Kriteria Lain Terbentuknya BUT (Pasal 7, 8, 9, 10 PMK No. 35/PMK.03/2019)


1. proyek konstruksi, instalasi, atau proyek perakitan;
Proyek konstruksi, instalasi, atau proyek perakitan adalah proyek konstruksi, instalasi, atau
proyek perakitan yang merupakan usaha atau kegiatan Orang Pribadi Asing atau Badan
Asing di Indonesia.
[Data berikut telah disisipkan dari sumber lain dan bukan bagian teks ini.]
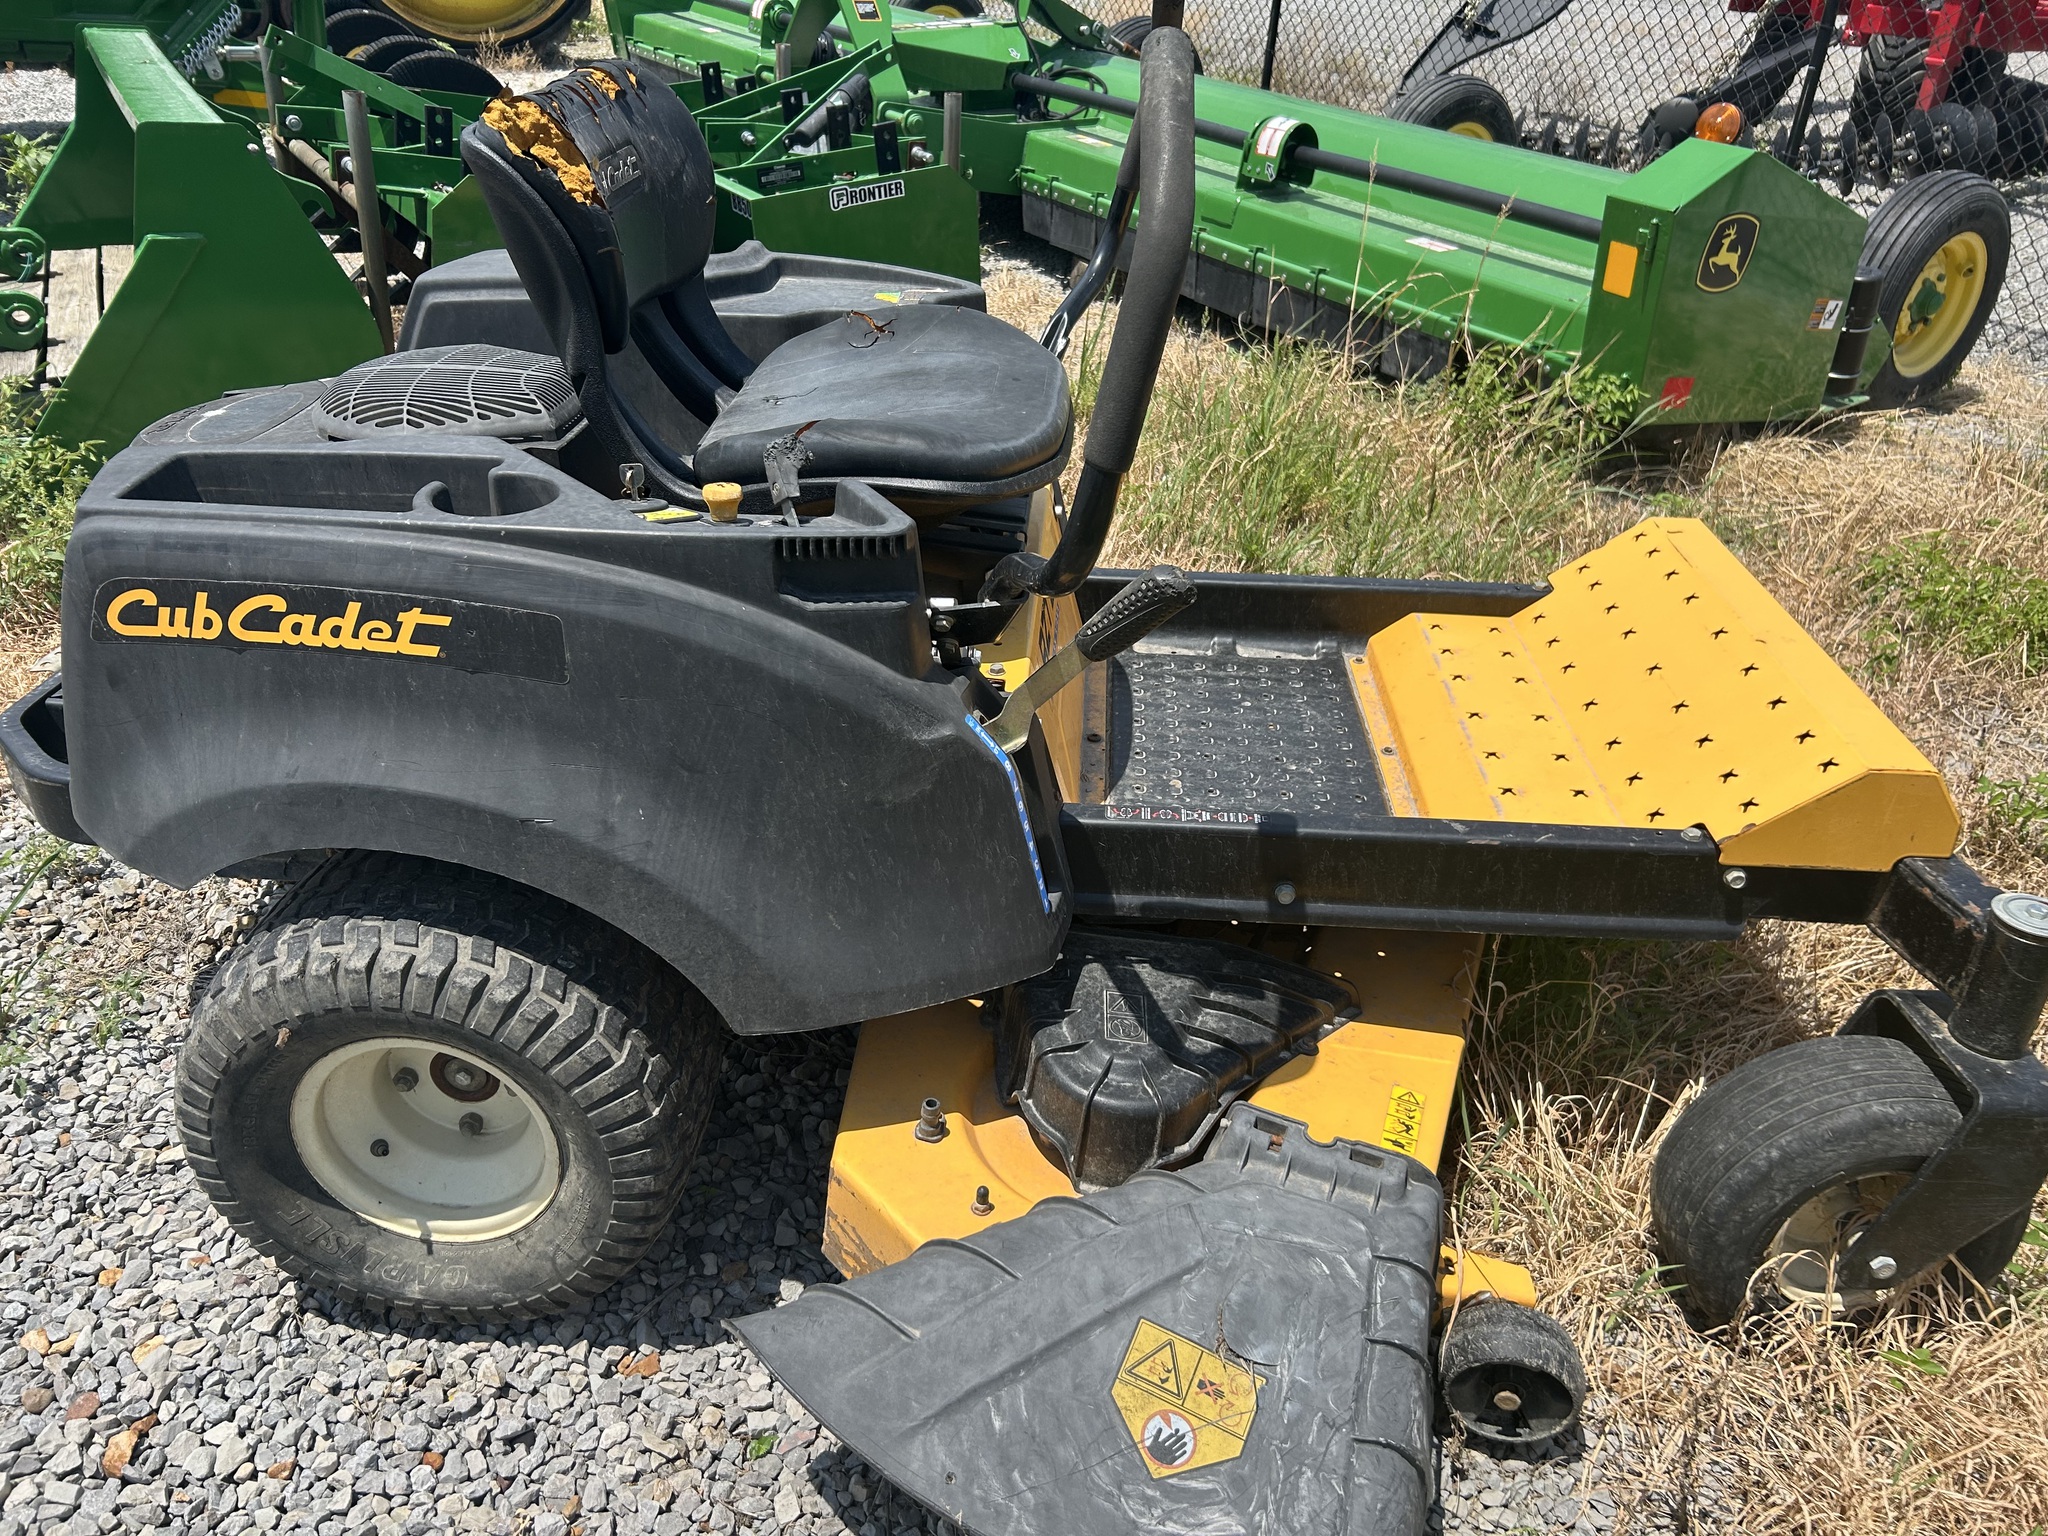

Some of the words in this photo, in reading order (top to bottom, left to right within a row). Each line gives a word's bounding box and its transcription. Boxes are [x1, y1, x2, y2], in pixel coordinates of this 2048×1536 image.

[830, 180, 904, 211] FRONTIER
[106, 588, 222, 641] Cub
[228, 594, 453, 658] Cadet
[276, 1201, 468, 1290] CARLISLE
Proyek konstruksi mencakup:
a. jasa konsultansi konstruksi, yang meliputi pengkajian, perencanaan, perancangan,
pengawasan, manajemen penyelenggaraan konstruksi, survei, pengujian teknis, atau
analisis;
b. pekerjaan konstruksi, yang meliputi pembangunan, pengoperasian, pemeliharaan,
pembongkaran, atau pembangunan kembali; dan
c. pekerjaan konstruksi terintegrasi, yang meliputi model rancang bangun atau model
perekayasaan, pengadaan, dan pelaksanaan.

Instalasi atau proyek perakitan mencakup:


a. instalasi atau proyek perakitan yang terkait dengan pengerjaan proyek konstruksi; dan
b. instalasi atau proyek perakitan mesin atau peralatan.
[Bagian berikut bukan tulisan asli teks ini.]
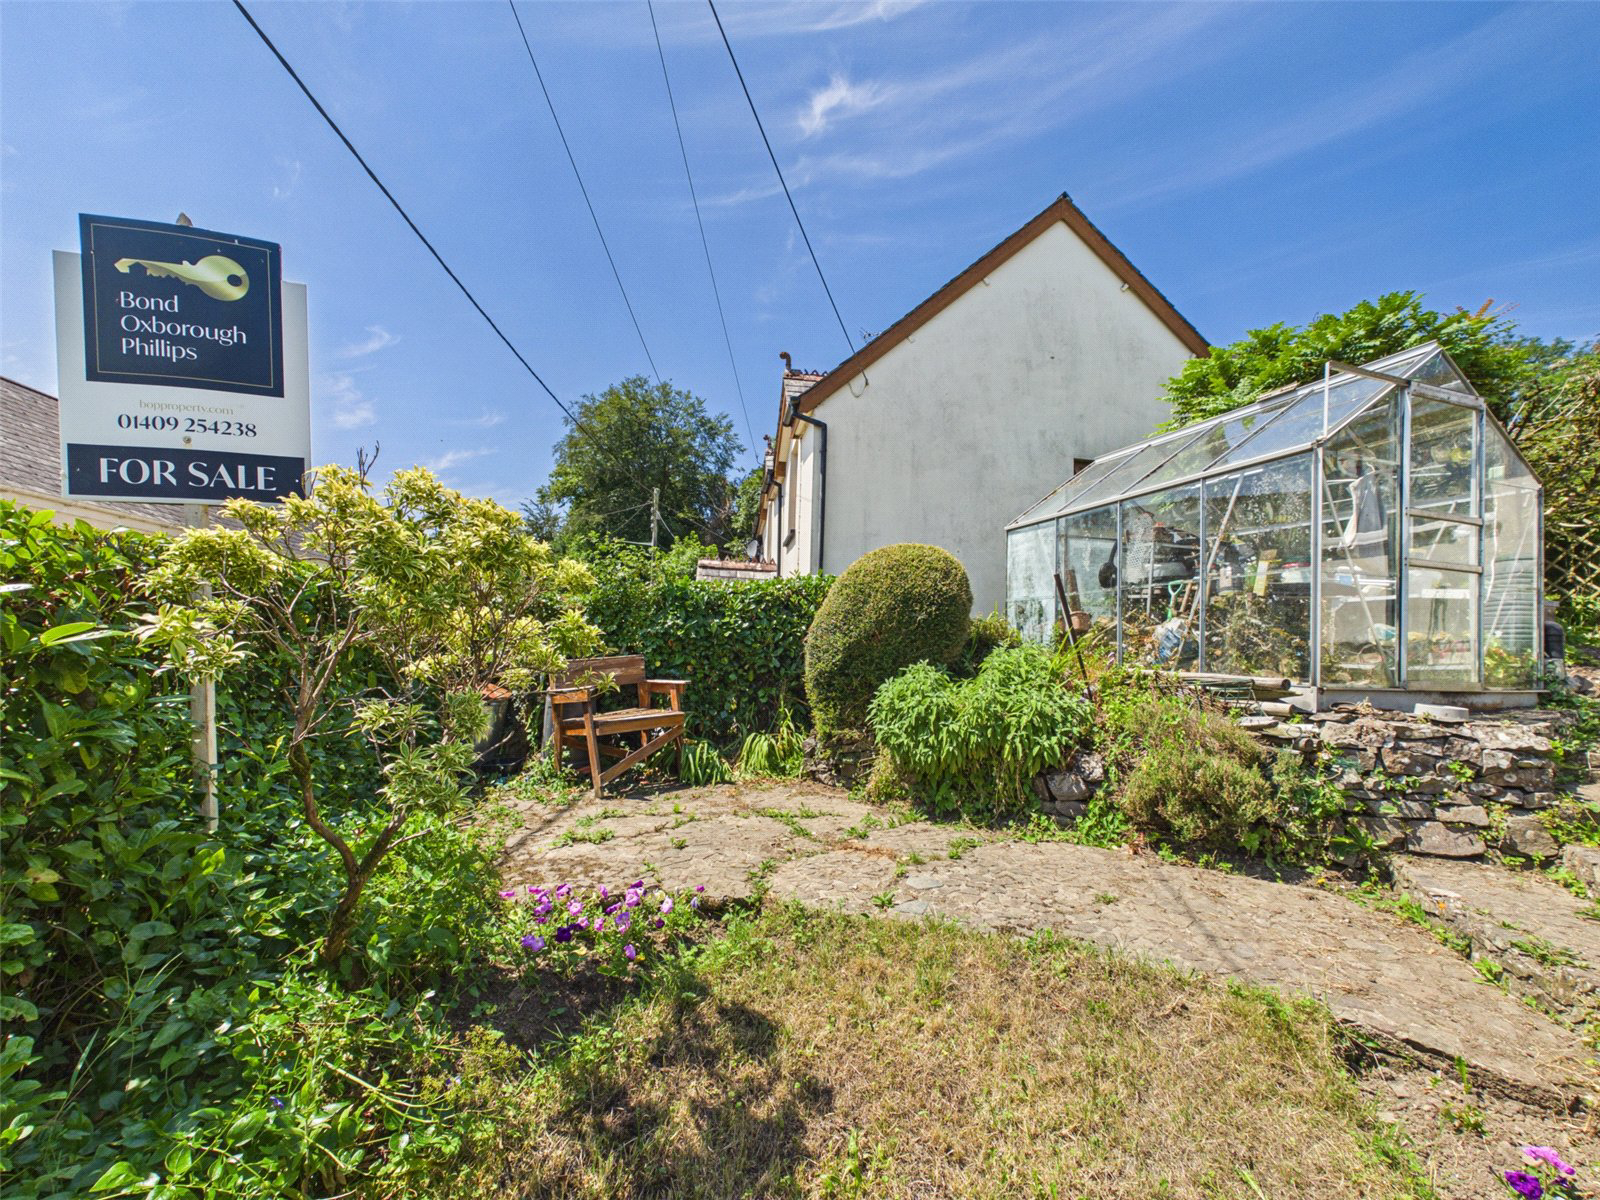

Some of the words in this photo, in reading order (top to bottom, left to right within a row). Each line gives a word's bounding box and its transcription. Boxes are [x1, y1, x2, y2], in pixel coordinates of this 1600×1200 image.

[119, 291, 179, 313] Bond
[120, 314, 247, 347] Oxborough
[121, 337, 198, 363] Phillips
[139, 399, 234, 416] bopproperty.com
[117, 413, 179, 431] 01409
[185, 417, 257, 438] 254238
[99, 457, 177, 487] FOR
[188, 461, 277, 492] SALE
Untuk penerapan P3B, proyek konstruksi, instalasi, atau proyek perakitan merupakan
bentuk usaha tetap sepanjang dikerjakan melebihi periode waktu dalam P3B. Proyek
konstruksi, instalasi, atau proyek perakitan juga meliputi proyek konstruksi, instalasi, atau
proyek perakitan di Indonesia yang:
a. pengerjaannya dilakukan di luar Indonesia; dan/atau
b. pengerjaannya diteruskan kepada subkontraktor dalam negeri maupun luar negeri.

2. pemberian jasa dalam bentuk apa pun oleh pegawai atau orang lain, sepanjang dilakukan
lebih dari 60 (enam puluh) hari dalam jangka waktu 12 (dua belas) bulan;
Dalam penentuan periode waktu berlaku ketentuan sebagai berikut:
a. periode waktu dihitung sejak saat proyek mulai dikerjakan Orang Pribadi Asing atau
Badan Asing;
b. periode waktu berakhir saat:
1. Orang Pribadi Asing atau Badan Asing menyelesaikan pekerjaan dan menyerahkan
hasil pekerjaan kepada penerima jasa konstruksi, instalasi, atau proyek perakitan;
atau
2. Orang Pribadi Asing atau Badan Asing menghentikan pekerjaan sebelum pekerjaan
selesai;
c. penghentian pengerjaan proyek untuk sementara tidak menunda penghitungan periode
waktu;
d. bagian dari hari dihitung penuh 1 (satu) hari, dalam hal periode waktu dihitung
berdasarkan hari;
e. bagian dari bulan kalender dihitung penuh 1 (satu) bulan, dalam hal periode waktu
dihitung berdasarkan bulan; dan
f. waktu pengerjaan oleh subkontraktor diperhitungkan ke dalam periode waktu, dalam hal
Orang Pribadi Asing atau Badan Asing meneruskan pekerjaan kepada subkontraktor.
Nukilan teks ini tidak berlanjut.